A primer on subprime (2 of 5): Why governments had to bail out the banks

The virtuous cycle was trundling along. The economy was doing well (thanks to consumers spending on borrowed money), asset (house) prices kept increasing which meant default rates hit all-time lows as even the sub-prime borrowers were able to either flip their houses or service their loans at the low rates. The low default rates made financial institutions even more confident and they offered increasingly attractive loans to consumers.

At the peak, banks offered “No money down” mortgages and arrangements such as ARMs (Adjustable Rate Mortgages). ARMs allowed borrowers to pay very low interest rates for periods of two to three years. After that, market rates would be charged and principal repayments also started, but borrowers were convinced that by that time property prices would be higher. They would just sell their property, repay what was necessary and still reap a healthy profit.

Some alarm bells were raised. Some pundits suggested mortgages were increasingly being offered to people who couldn’t afford them. But regulators, lead by Alan Greenspan, said markets had found new ways of dealing with and pricing risks and there was no systemic problem (ie individual institutions that took on too much risk may go under, but the entire financial system was robust)

With hindsight, Greenspan was proven hugely wrong at enormous cost to the taxpayer. All good things must come to an end, eventually.
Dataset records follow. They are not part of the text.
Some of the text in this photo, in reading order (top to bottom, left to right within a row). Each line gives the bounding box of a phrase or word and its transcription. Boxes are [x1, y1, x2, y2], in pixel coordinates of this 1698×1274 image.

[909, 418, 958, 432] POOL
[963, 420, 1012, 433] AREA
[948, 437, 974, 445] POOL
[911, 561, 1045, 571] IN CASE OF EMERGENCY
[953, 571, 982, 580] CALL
There are only so many people and so many potential housebuyers. After years of scraping the bottom-of-the barrel for the marginal borrower, to the point where lenders closed one eye as borrowers over-stated their incomes so they could go for bigger mortgages, there were no more new borrowers to be found. No new borrowers meant reduced demand for properties, which meant asset prices started to fall.

The house of cards started unravelling. Default rates on the CDOs turned out to be higher than expected. Even AAA-rated CDOs turned sour. Not surprising – considering the mortgages on which these CDOs were based were given to consumers with poor credit histories or to consumers who could not afford them.
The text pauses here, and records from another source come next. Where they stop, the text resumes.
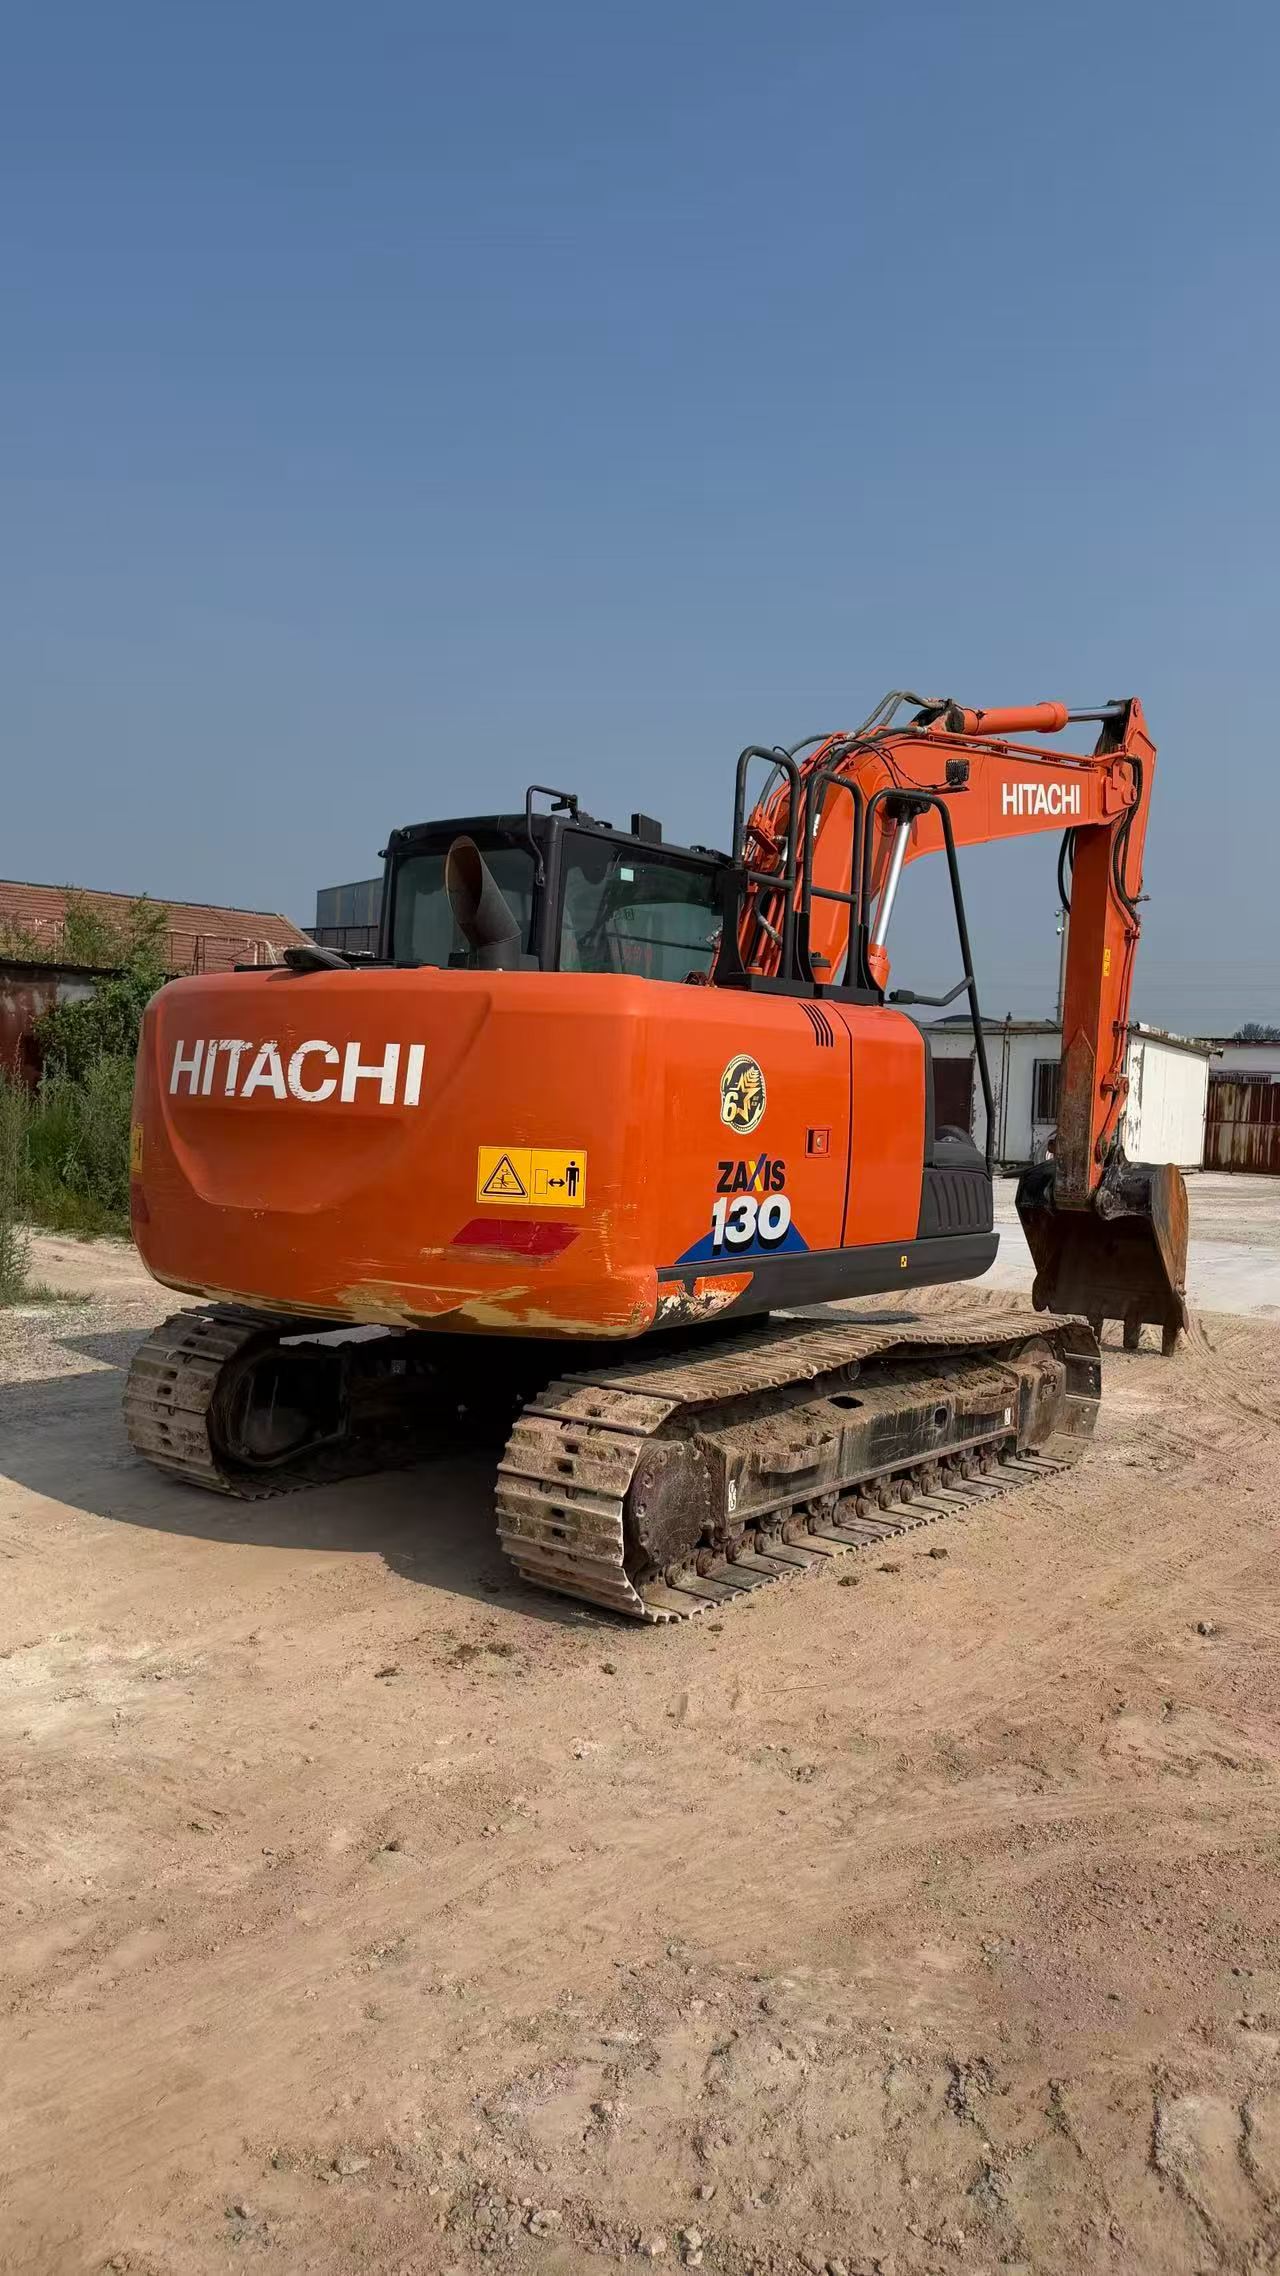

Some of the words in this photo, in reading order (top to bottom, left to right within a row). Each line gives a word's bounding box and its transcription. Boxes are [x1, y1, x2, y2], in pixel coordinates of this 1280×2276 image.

[1002, 783, 1080, 816] HITACHI
[169, 1039, 425, 1106] HITACHI
[722, 1091, 739, 1122] 6
[716, 1153, 786, 1193] ZAXIS
[712, 1193, 792, 1246] 130
Wait! Weren’t some CDOs backed by credit default swaps (CDS)? The CDSs turned out to be not worth the paper they were printed on. The institutions that were supposed to pay-up were woefully under-capitalised!

The problem was made even worse by the absence of open markets for these CDOs. These were traded over-the-counter with valuations based on complex mathematical models. But investors had lost faith in the assumptions going into the models so values could not be determined with certainty.

Also, it turned out that the banks were also liable for some of these CDOs. To entice investors to take the CDOs, the banks had agreed to buy back at least some of these if default rates turned out to be higher than expected. No-one expected the default rates to be that high, but when they hit that level, the banks had to buy back, incurring losses.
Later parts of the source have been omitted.